If you wonder why the general public doesn't have a strong understanding of basic economic principles, you need to look no further than this article on MSNBC.com about a recent report from the US Treasury Department about the economic impacts of President Bush's tax cuts. The thesis of the article is essentially that making President Bush's tax cuts permanent would boost the economy, as long as other taxes weren't increased to offset the loss in revenue.
Wow! That sounds like Bush's method of economic stimulus might actually have the intended result.
The problem is, as the actual report from the Treasury Department points out and the MSNBC article merely skims over, is that positive economic growth assumes DECREASED government spending to offset the lost revenues from tax cuts. In other words, the economic growth is mitigated when you cut taxs AND spend more money.

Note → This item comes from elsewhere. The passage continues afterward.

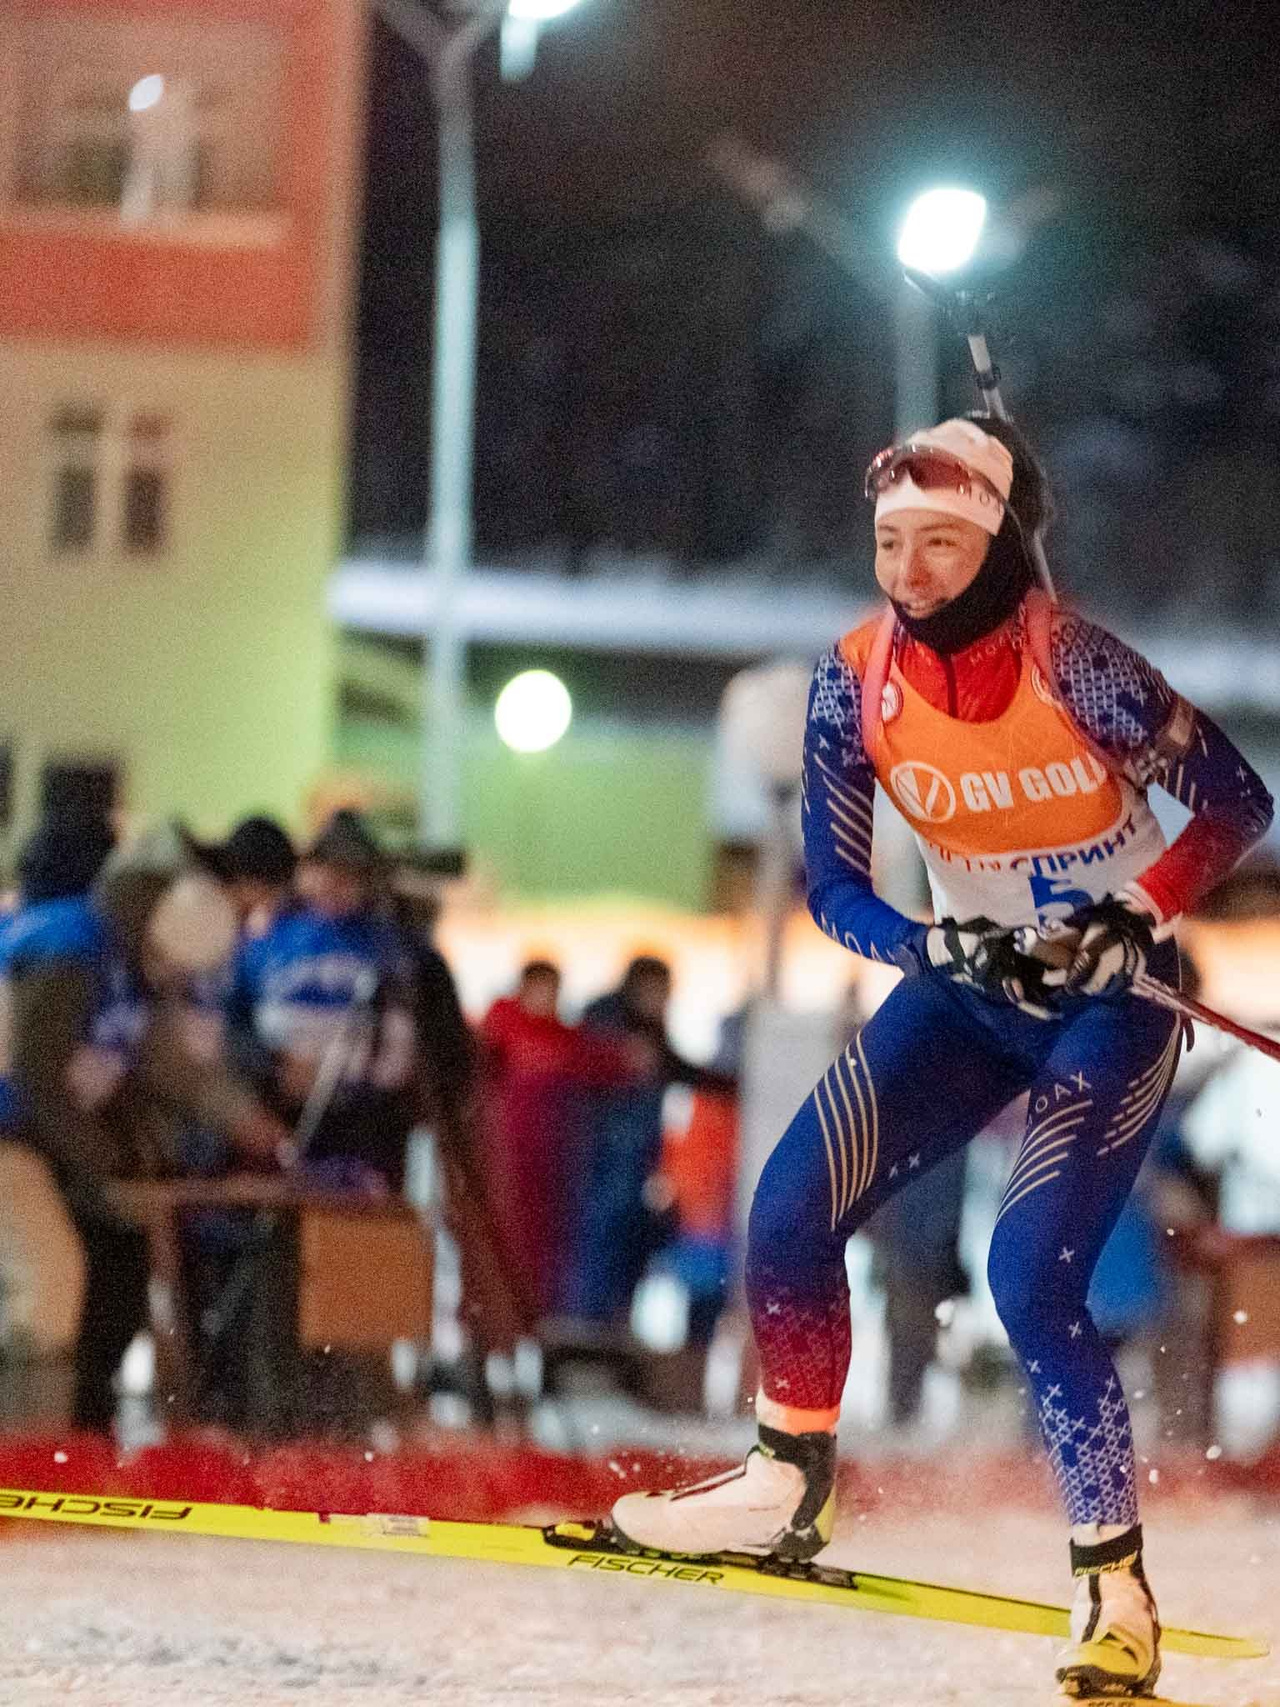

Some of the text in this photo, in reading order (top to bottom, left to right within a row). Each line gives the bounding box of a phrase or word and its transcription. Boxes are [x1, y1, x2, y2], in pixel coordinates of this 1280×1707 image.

[960, 769, 1014, 813] GV
[1027, 1070, 1092, 1129] OAX
[567, 1554, 725, 1586] FISCHER

My friends who are actual fiscal conservatives, and not just cheerleaders for President Bush, have been pulling their hair out about the President's budgetary policy. The one and only veto President Bush has to his name during his 5 years in office is the recent Stem Cell Research Funding Bill that he vetoed about a week ago. He hasn't vetoed a single spending bill that has come across his desk since he started sitting at it.
So while tax cuts do help the economy in a very minimal way, the minimal gain is completely offset when the government does nothing to curb spending while decreasing taxes. The net result is a larger federal budget deficit, which pretty much every single economist in the world who isn't on the Bush Administration's take would agree is a huge economic hindrance.